In the lawsuits, Democrats accuse the Trump campaign of violating the Ku Klux Klan Act of 1871 and the Voting Rights Act of 1965. The first law prohibits, in part, private citizens from using "force, intimidation, or threat to prevent any citizen of the United States lawfully entitled to vote" from voting, while the second, more far-reaching law confers a wide array of voter protections and official campaign apparatuses from engaging in voter intimidation.

"In the months leading up to the 2016 election, Trump has made an escalating series of statements, often racially tinged, suggesting that his supporters should go to particular precincts on Election Day and intimidate voters — and that if they do not do so, he will lose the election because certain people, in certain precincts, will vote '15 times' for Secretary Hillary Rodham Clinton," the Nevada lawsuit reads.
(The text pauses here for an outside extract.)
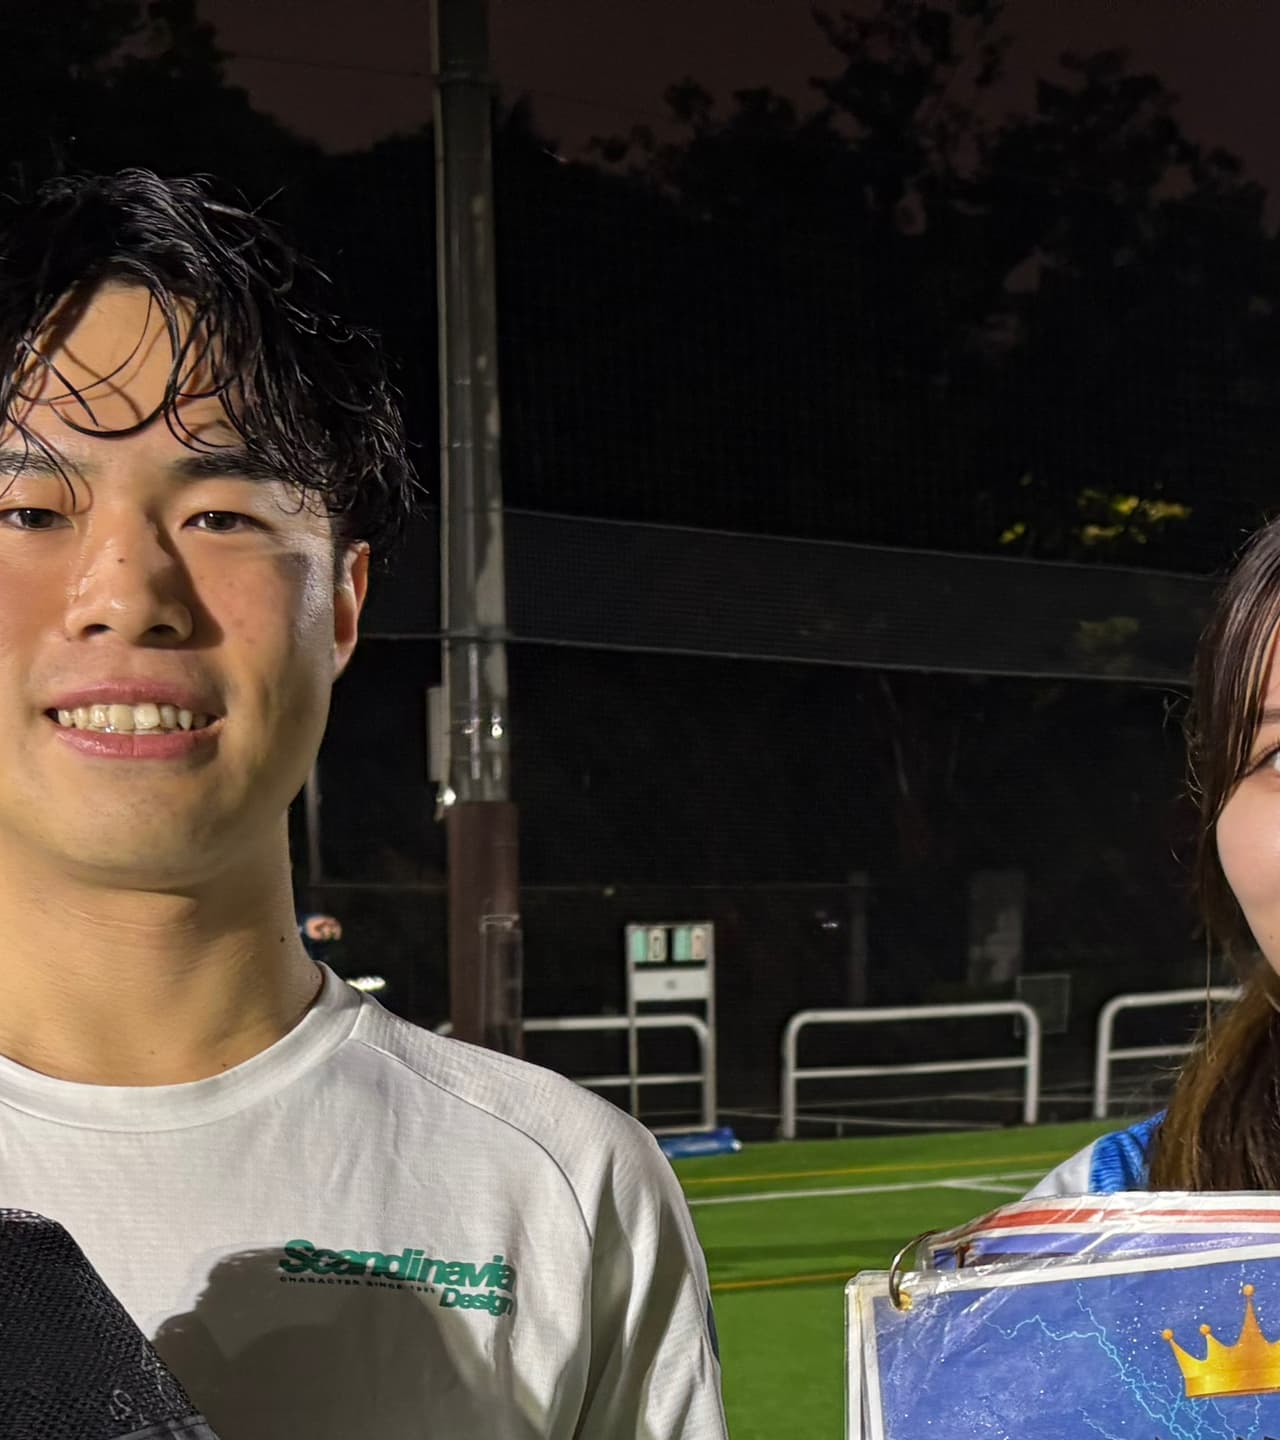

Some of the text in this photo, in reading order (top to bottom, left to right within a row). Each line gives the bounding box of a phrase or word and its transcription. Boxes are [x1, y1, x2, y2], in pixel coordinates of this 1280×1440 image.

[279, 1239, 515, 1292] Scandinavia
[279, 1275, 360, 1287] CHARACTER
[439, 1287, 513, 1316] Design
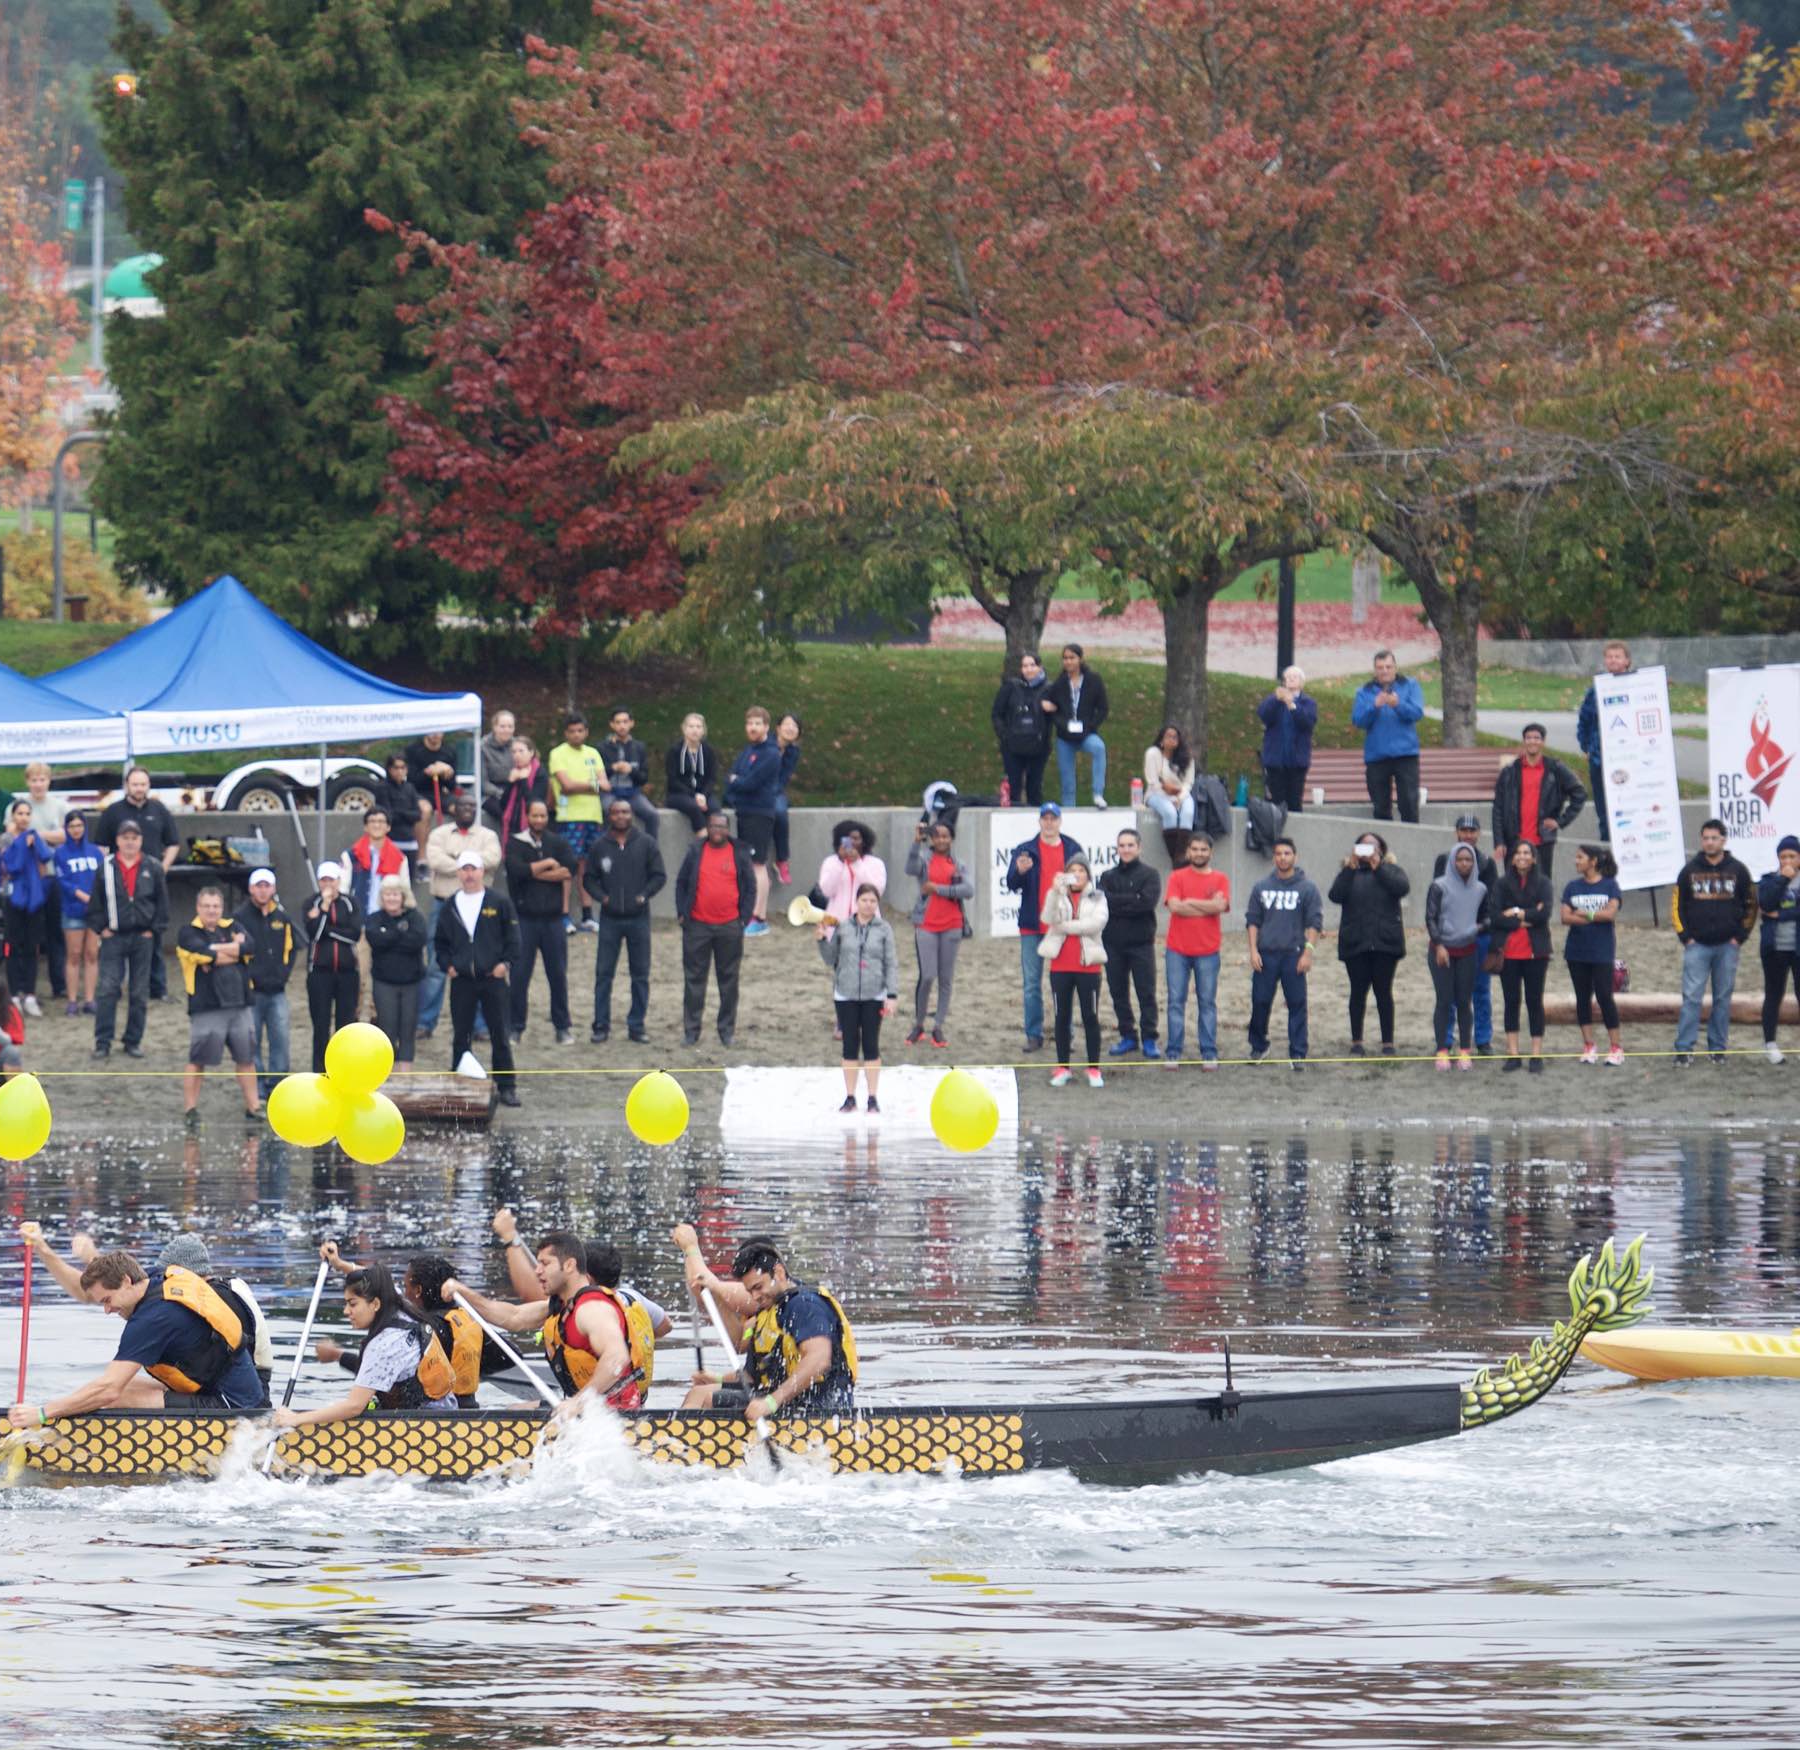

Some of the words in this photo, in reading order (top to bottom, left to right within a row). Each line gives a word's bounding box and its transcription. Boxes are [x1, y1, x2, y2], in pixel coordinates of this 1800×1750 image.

The lawsuit goes on to cite a campaign speech Trump gave in Pennsylvania, in which he told supporters to "go around and look and watch other polling places and make sure that it’s 100-percent fine" on election day, explaining that this should be done in "certain areas." In another speech quoted in the lawsuit, Trump made a similar request, and added that "when [I] say 'watch,' you know what I'm talking about, right?" The lawsuits also cite a form on Trump's campaign website asking supporters to sign up to be "Trump Election Observers."

Democrats are also accusing Stone, a veteran political operative and longtime Trump associate, of assisting in this voter intimidation through his "Stop the Steal" group, an organization that asks supporters to "defend the Donald" by signing up to be "Vote Protector Exit Pollers."

The lawsuits request that the courts "temporarily restrain and enjoin the [state Republican Parties], the Trump Campaign, Stone, Stop the Steal, Inc., and their affiliates and collaborators from organizing efforts to engage in voter intimidation."